The income of a partnership (GbR, OHG, KG) is to be determined regularly separately and uniformly. Since there are several participants here – unlike, for example, a regular assessment for income tax – the question arises as to which shareholder or which shareholder may object to the decision. Let us shed some light into the darkness and take a look at the objection power in the uniform determination according to § 352 AO!
Income, in the creation of which several natural or legal persons are involved, shall be determined separately and uniformly in accordance with §§ 179 (1) and (2) sentence 1 and 180 (1) sentence 1 number 2 letter a AO. The tax office issues a so-called declaratory decision on the income of a partnership.

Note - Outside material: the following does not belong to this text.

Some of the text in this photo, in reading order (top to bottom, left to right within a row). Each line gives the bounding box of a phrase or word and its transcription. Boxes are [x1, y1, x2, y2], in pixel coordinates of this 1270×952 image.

In it, it determines the income of the company as a whole, distributes it among the shareholders and sends confirmation notifications (ESt4B) to the respective resident tax offices of the shareholders.

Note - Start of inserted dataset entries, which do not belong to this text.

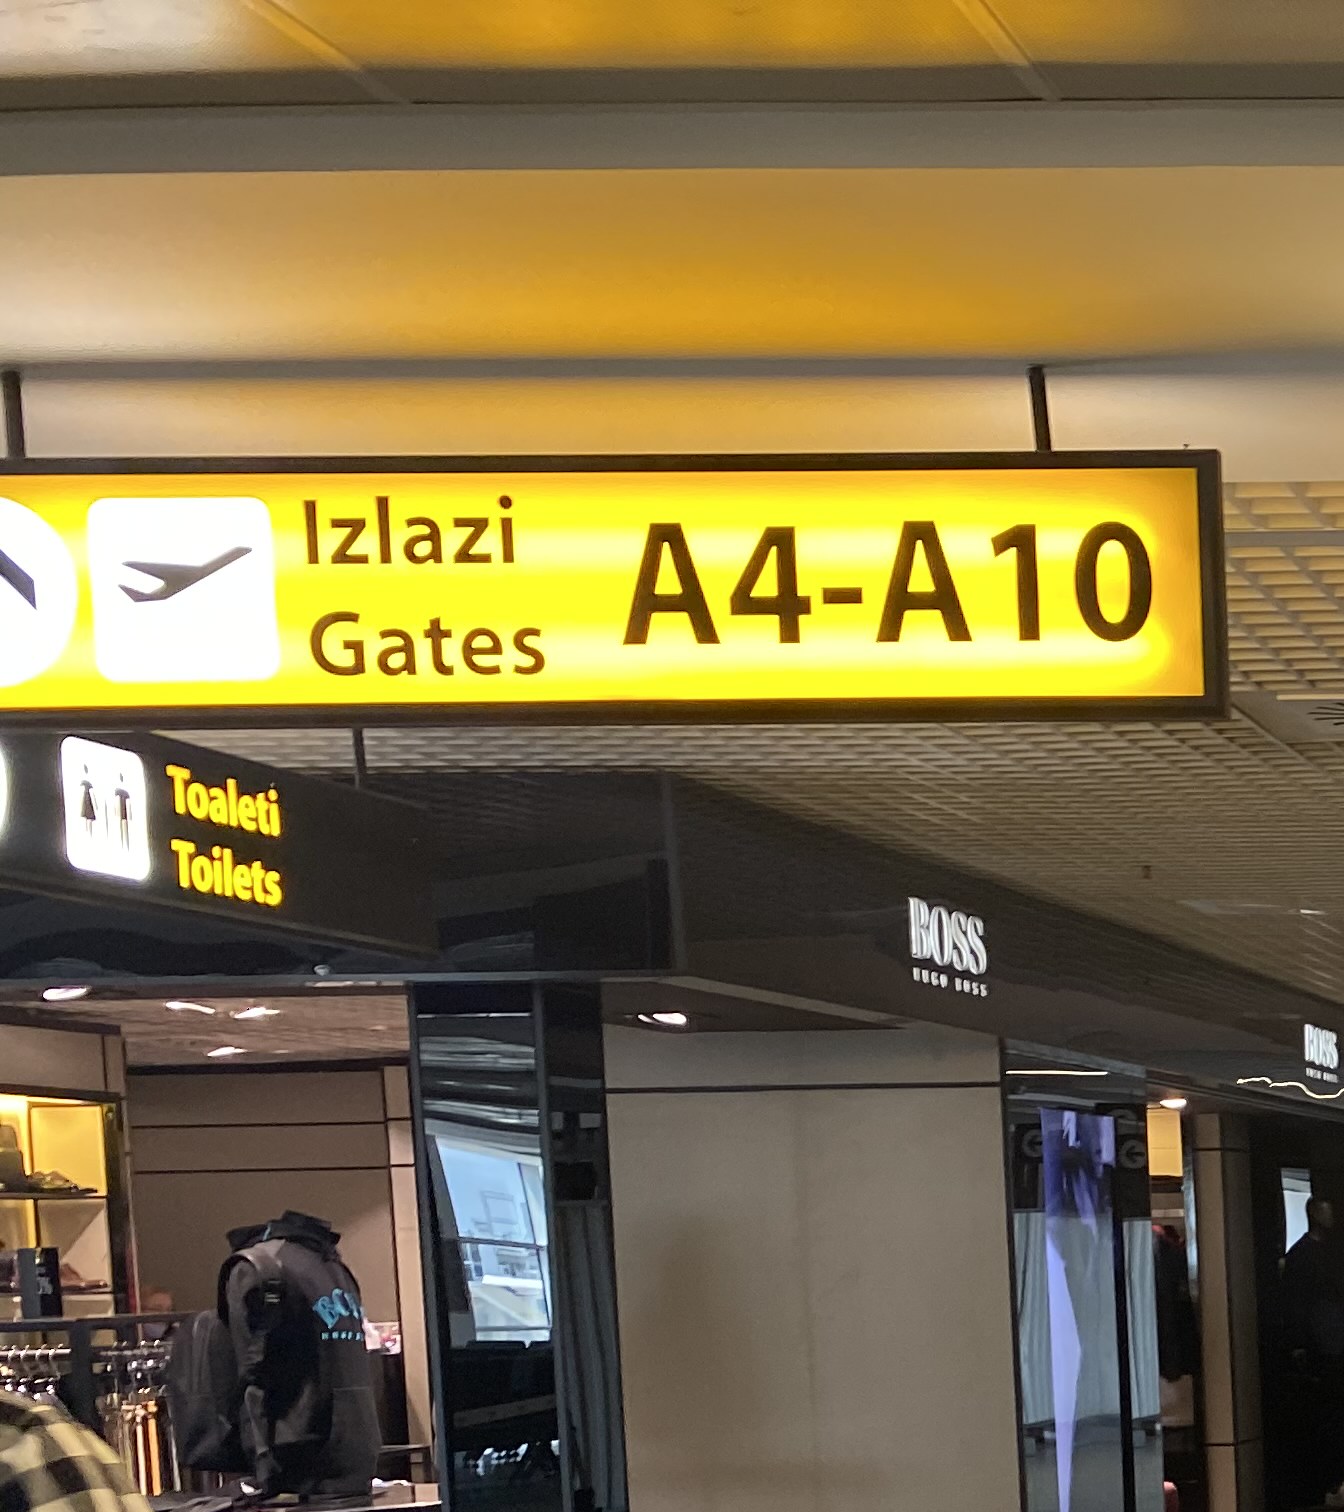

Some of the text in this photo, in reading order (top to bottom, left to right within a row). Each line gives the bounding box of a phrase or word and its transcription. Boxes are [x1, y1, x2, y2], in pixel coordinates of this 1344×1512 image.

[303, 494, 515, 565] Izlazi
[622, 520, 1154, 645] A4-A10
[309, 610, 546, 677] Gates
[165, 764, 282, 838] Toaleti
[170, 838, 283, 907] Toilets
[907, 896, 988, 976] BOSS

What type of income is given under income tax law is irrelevant. It only depends on the participation of several people in a tax source of income.

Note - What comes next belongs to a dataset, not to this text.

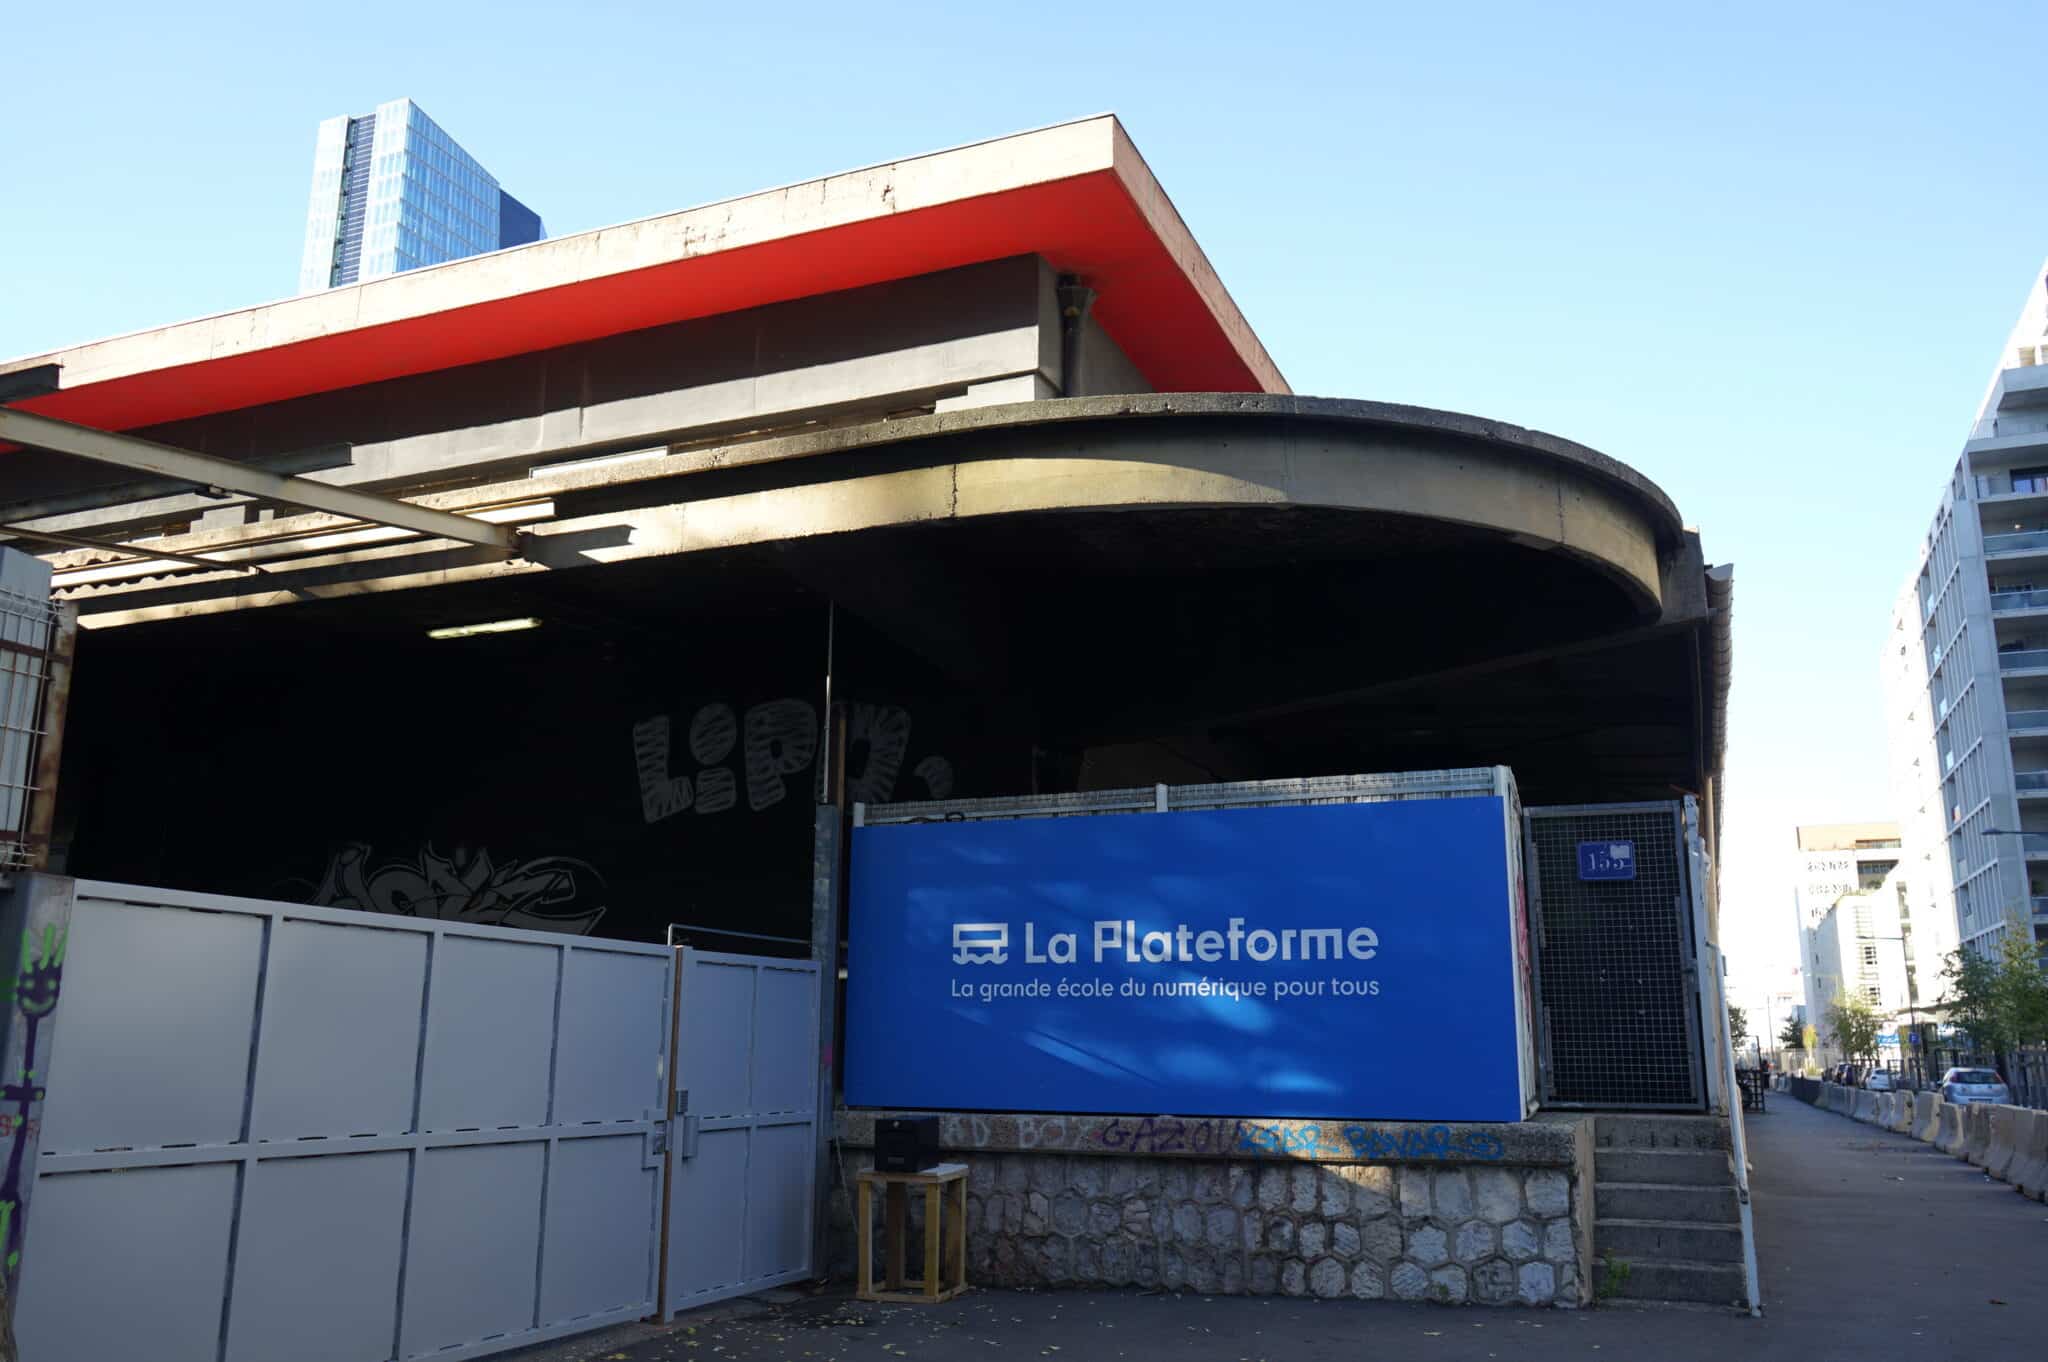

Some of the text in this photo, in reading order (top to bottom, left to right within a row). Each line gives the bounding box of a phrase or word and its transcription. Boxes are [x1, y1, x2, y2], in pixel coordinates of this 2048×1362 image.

The decision on the separate determination is equivalent to the tax assessments (§ 181 (1) sentence 1 AO). The appeal against him is therefore a legal remedy (§ 347 (1) sentence 1 no. 1 AO). In principle, therefore, each shareholder would be entitled to object, but this could lead to
This article does not replace tax or legal advice in an individual case. Facts, current law, jurisdiction, documentation and implementation remain decisive.